Tak hanya itu, Amien menyebut air bisa masuk ke dalam lapisan tanah dan ikut terproduksi bersama minyak dan gas.
"Jadi secara geologi, di Jawa Timur itu di bawah tanah sana, lapisannya berlapis-lapis, berlipat-lipat, melipat melengkung-melengkung. Jadi kalau air itu meresap, otomatis akan masuk, ada yang di permukaan ada yang di dalam. Tersimpan di lapisan yang melipat-lipat tadi," tambahnya.
Sementara saat ditanya, apakah air tersebut bisa diminum, Amien menyebut tidak. Apa lagi memiliki bau seperti belerang dan rasanya asin.
"Kalau bau begitu, apa lagi tadi keruh kan nggak boleh, harus dites," imbuh Amien.

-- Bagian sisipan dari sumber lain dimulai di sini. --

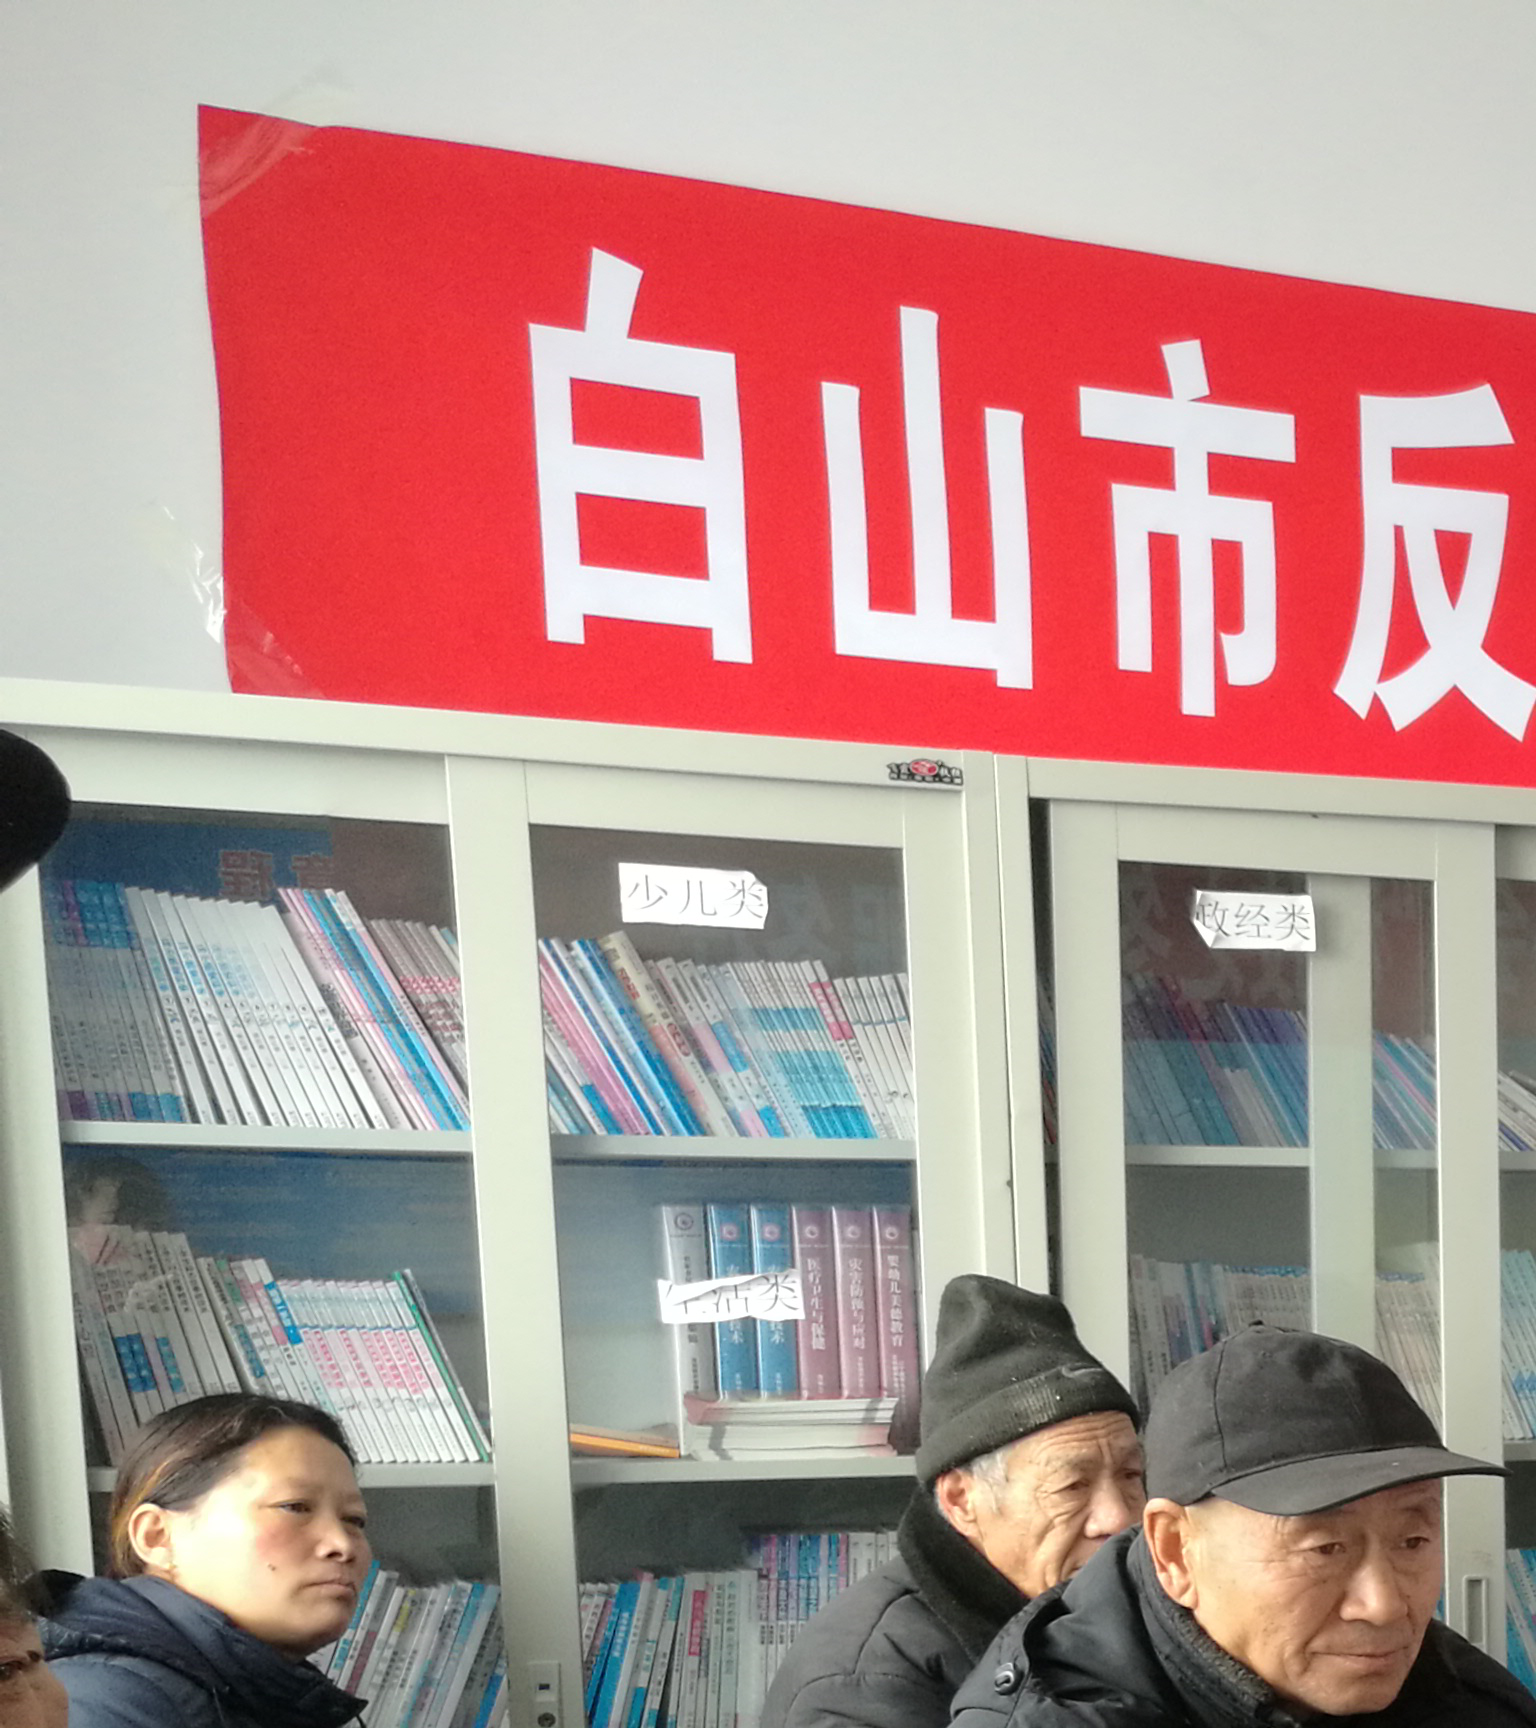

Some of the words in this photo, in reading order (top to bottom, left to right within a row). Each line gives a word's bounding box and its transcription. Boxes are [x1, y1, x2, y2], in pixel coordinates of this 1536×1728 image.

[627, 875, 765, 919] 少儿类
[1196, 900, 1311, 941] 政经类

Sebelumnya, semburan air terjadi pada Kamis (26/8) sekitar pukul 18.00 WIB. Air itu muncrat hingga setinggi 15 meter. Air ini keluar dari pengeboran sumur artesis sedalam 60 meter. Lubang itu sudah dibiarkan seminggu karena tak ada air yang memancar saat dibor. Air yang awalnya menyembur bening berubah menjadi keruh, asin, dan berbau belerang setelah 3 jam berlalu. (hil/iwd)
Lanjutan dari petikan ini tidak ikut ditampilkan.